Problem statement »
Should any entry seem unclear, still set it down exactly as given, along with all the others.

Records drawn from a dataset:
---+---
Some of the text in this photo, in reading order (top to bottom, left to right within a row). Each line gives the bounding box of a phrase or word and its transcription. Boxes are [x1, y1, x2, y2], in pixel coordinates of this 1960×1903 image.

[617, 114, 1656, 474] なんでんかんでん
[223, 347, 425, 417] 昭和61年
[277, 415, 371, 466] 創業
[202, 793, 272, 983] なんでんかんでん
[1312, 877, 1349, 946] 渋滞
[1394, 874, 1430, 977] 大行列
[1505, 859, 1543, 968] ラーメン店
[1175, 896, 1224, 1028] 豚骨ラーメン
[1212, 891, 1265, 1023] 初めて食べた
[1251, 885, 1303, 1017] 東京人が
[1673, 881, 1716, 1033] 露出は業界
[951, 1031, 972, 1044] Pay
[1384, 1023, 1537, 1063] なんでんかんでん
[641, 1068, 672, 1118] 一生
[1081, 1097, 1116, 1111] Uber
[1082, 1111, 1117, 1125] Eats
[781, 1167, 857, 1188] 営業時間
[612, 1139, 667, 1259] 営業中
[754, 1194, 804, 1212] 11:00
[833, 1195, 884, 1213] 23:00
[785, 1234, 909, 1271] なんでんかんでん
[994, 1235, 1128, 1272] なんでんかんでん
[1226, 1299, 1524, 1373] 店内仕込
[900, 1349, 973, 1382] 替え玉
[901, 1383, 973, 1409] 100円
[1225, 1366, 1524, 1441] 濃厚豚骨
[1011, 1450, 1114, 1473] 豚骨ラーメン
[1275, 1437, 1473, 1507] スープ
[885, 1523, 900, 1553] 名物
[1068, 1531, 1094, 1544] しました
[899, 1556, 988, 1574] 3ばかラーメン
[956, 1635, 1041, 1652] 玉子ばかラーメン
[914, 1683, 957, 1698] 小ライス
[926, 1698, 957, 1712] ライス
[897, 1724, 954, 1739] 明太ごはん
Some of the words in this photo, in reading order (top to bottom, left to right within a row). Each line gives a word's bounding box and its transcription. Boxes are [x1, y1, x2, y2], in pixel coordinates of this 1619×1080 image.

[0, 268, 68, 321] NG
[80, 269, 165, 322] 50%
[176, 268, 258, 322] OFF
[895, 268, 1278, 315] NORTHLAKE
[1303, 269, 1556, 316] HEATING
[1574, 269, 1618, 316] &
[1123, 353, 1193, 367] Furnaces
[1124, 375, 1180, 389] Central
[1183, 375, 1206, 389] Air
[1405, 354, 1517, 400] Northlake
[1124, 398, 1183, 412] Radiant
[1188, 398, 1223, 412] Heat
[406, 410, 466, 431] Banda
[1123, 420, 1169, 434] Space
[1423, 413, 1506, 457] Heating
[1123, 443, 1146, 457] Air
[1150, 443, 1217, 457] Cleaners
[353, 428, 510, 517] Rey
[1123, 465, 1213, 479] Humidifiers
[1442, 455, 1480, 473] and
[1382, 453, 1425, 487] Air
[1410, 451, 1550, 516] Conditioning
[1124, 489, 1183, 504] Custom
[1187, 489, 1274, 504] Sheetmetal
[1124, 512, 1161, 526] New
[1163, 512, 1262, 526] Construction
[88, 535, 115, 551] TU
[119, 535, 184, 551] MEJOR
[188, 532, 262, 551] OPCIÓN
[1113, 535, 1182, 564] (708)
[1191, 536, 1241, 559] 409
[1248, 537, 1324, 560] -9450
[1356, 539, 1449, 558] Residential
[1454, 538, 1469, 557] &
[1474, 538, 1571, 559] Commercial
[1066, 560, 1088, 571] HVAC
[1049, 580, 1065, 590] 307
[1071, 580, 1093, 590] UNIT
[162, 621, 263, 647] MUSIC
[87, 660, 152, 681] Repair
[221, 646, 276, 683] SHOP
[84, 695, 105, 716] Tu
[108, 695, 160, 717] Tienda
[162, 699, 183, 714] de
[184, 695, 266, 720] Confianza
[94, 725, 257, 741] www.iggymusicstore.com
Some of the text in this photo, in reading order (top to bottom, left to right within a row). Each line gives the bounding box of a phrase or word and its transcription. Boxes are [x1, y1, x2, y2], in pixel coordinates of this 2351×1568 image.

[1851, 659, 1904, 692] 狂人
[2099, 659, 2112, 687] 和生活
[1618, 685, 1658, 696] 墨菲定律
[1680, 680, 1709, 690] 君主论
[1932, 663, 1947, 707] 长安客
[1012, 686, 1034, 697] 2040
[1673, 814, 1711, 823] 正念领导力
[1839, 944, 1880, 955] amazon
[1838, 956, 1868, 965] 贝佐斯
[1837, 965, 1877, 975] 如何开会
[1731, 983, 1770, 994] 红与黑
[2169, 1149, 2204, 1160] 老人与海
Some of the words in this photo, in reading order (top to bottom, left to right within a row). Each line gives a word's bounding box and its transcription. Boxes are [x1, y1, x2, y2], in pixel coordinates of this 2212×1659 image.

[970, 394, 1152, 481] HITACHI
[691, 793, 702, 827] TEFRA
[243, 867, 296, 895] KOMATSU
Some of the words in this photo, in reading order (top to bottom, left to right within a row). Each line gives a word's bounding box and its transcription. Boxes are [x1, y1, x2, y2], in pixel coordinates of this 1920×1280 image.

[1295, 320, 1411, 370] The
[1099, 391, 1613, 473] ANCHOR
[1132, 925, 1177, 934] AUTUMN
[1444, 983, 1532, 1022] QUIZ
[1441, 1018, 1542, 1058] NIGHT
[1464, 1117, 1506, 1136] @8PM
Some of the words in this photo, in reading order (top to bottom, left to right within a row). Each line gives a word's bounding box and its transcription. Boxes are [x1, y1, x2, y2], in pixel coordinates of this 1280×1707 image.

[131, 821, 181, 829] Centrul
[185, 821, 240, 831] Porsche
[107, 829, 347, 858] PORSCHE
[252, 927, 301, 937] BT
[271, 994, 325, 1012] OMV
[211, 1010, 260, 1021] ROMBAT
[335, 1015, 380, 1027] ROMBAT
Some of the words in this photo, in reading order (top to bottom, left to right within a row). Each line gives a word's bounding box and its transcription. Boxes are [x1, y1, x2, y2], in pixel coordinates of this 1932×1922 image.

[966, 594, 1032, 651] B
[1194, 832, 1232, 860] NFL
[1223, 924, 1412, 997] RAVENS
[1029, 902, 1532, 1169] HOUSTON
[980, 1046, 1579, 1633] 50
---+---
Exercise answer »
Some of the text in this photo, in reading order (top to bottom, left to right within a row). Each line gives the bounding box of a phrase or word and its transcription. Boxes are [x1, y1, x2, y2], in pixel coordinates of this 1960×1903 image.

[617, 114, 1656, 474] なんでんかんでん
[223, 347, 425, 417] 昭和61年
[277, 415, 371, 466] 創業
[202, 793, 272, 983] なんでんかんでん
[1312, 877, 1349, 946] 渋滞
[1394, 874, 1430, 977] 大行列
[1505, 859, 1543, 968] ラーメン店
[1175, 896, 1224, 1028] 豚骨ラーメン
[1212, 891, 1265, 1023] 初めて食べた
[1251, 885, 1303, 1017] 東京人が
[1673, 881, 1716, 1033] 露出は業界
[951, 1031, 972, 1044] Pay
[1384, 1023, 1537, 1063] なんでんかんでん
[641, 1068, 672, 1118] 一生
[1081, 1097, 1116, 1111] Uber
[1082, 1111, 1117, 1125] Eats
[781, 1167, 857, 1188] 営業時間
[612, 1139, 667, 1259] 営業中
[754, 1194, 804, 1212] 11:00
[833, 1195, 884, 1213] 23:00
[785, 1234, 909, 1271] なんでんかんでん
[994, 1235, 1128, 1272] なんでんかんでん
[1226, 1299, 1524, 1373] 店内仕込
[900, 1349, 973, 1382] 替え玉
[901, 1383, 973, 1409] 100円
[1225, 1366, 1524, 1441] 濃厚豚骨
[1011, 1450, 1114, 1473] 豚骨ラーメン
[1275, 1437, 1473, 1507] スープ
[885, 1523, 900, 1553] 名物
[1068, 1531, 1094, 1544] しました
[899, 1556, 988, 1574] 3ばかラーメン
[956, 1635, 1041, 1652] 玉子ばかラーメン
[914, 1683, 957, 1698] 小ライス
[926, 1698, 957, 1712] ライス
[897, 1724, 954, 1739] 明太ごはん
Some of the words in this photo, in reading order (top to bottom, left to right within a row). Each line gives a word's bounding box and its transcription. Boxes are [x1, y1, x2, y2], in pixel coordinates of this 1619×1080 image.

[0, 268, 68, 321] NG
[80, 269, 165, 322] 50%
[176, 268, 258, 322] OFF
[895, 268, 1278, 315] NORTHLAKE
[1303, 269, 1556, 316] HEATING
[1574, 269, 1618, 316] &
[1123, 353, 1193, 367] Furnaces
[1124, 375, 1180, 389] Central
[1183, 375, 1206, 389] Air
[1405, 354, 1517, 400] Northlake
[1124, 398, 1183, 412] Radiant
[1188, 398, 1223, 412] Heat
[406, 410, 466, 431] Banda
[1123, 420, 1169, 434] Space
[1423, 413, 1506, 457] Heating
[1123, 443, 1146, 457] Air
[1150, 443, 1217, 457] Cleaners
[353, 428, 510, 517] Rey
[1123, 465, 1213, 479] Humidifiers
[1442, 455, 1480, 473] and
[1382, 453, 1425, 487] Air
[1410, 451, 1550, 516] Conditioning
[1124, 489, 1183, 504] Custom
[1187, 489, 1274, 504] Sheetmetal
[1124, 512, 1161, 526] New
[1163, 512, 1262, 526] Construction
[88, 535, 115, 551] TU
[119, 535, 184, 551] MEJOR
[188, 532, 262, 551] OPCIÓN
[1113, 535, 1182, 564] (708)
[1191, 536, 1241, 559] 409
[1248, 537, 1324, 560] -9450
[1356, 539, 1449, 558] Residential
[1454, 538, 1469, 557] &
[1474, 538, 1571, 559] Commercial
[1066, 560, 1088, 571] HVAC
[1049, 580, 1065, 590] 307
[1071, 580, 1093, 590] UNIT
[162, 621, 263, 647] MUSIC
[87, 660, 152, 681] Repair
[221, 646, 276, 683] SHOP
[84, 695, 105, 716] Tu
[108, 695, 160, 717] Tienda
[162, 699, 183, 714] de
[184, 695, 266, 720] Confianza
[94, 725, 257, 741] www.iggymusicstore.com
Some of the text in this photo, in reading order (top to bottom, left to right within a row). Each line gives the bounding box of a phrase or word and its transcription. Boxes are [x1, y1, x2, y2], in pixel coordinates of this 2351×1568 image.

[1851, 659, 1904, 692] 狂人
[2099, 659, 2112, 687] 和生活
[1618, 685, 1658, 696] 墨菲定律
[1680, 680, 1709, 690] 君主论
[1932, 663, 1947, 707] 长安客
[1012, 686, 1034, 697] 2040
[1673, 814, 1711, 823] 正念领导力
[1839, 944, 1880, 955] amazon
[1838, 956, 1868, 965] 贝佐斯
[1837, 965, 1877, 975] 如何开会
[1731, 983, 1770, 994] 红与黑
[2169, 1149, 2204, 1160] 老人与海
Some of the words in this photo, in reading order (top to bottom, left to right within a row). Each line gives a word's bounding box and its transcription. Boxes are [x1, y1, x2, y2], in pixel coordinates of this 2212×1659 image.

[970, 394, 1152, 481] HITACHI
[691, 793, 702, 827] TEFRA
[243, 867, 296, 895] KOMATSU
Some of the words in this photo, in reading order (top to bottom, left to right within a row). Each line gives a word's bounding box and its transcription. Boxes are [x1, y1, x2, y2], in pixel coordinates of this 1920×1280 image.

[1295, 320, 1411, 370] The
[1099, 391, 1613, 473] ANCHOR
[1132, 925, 1177, 934] AUTUMN
[1444, 983, 1532, 1022] QUIZ
[1441, 1018, 1542, 1058] NIGHT
[1464, 1117, 1506, 1136] @8PM
Some of the words in this photo, in reading order (top to bottom, left to right within a row). Each line gives a word's bounding box and its transcription. Boxes are [x1, y1, x2, y2], in pixel coordinates of this 1280×1707 image.

[131, 821, 181, 829] Centrul
[185, 821, 240, 831] Porsche
[107, 829, 347, 858] PORSCHE
[252, 927, 301, 937] BT
[271, 994, 325, 1012] OMV
[211, 1010, 260, 1021] ROMBAT
[335, 1015, 380, 1027] ROMBAT
Some of the words in this photo, in reading order (top to bottom, left to right within a row). Each line gives a word's bounding box and its transcription. Boxes are [x1, y1, x2, y2], in pixel coordinates of this 1932×1922 image.

[966, 594, 1032, 651] B
[1194, 832, 1232, 860] NFL
[1223, 924, 1412, 997] RAVENS
[1029, 902, 1532, 1169] HOUSTON
[980, 1046, 1579, 1633] 50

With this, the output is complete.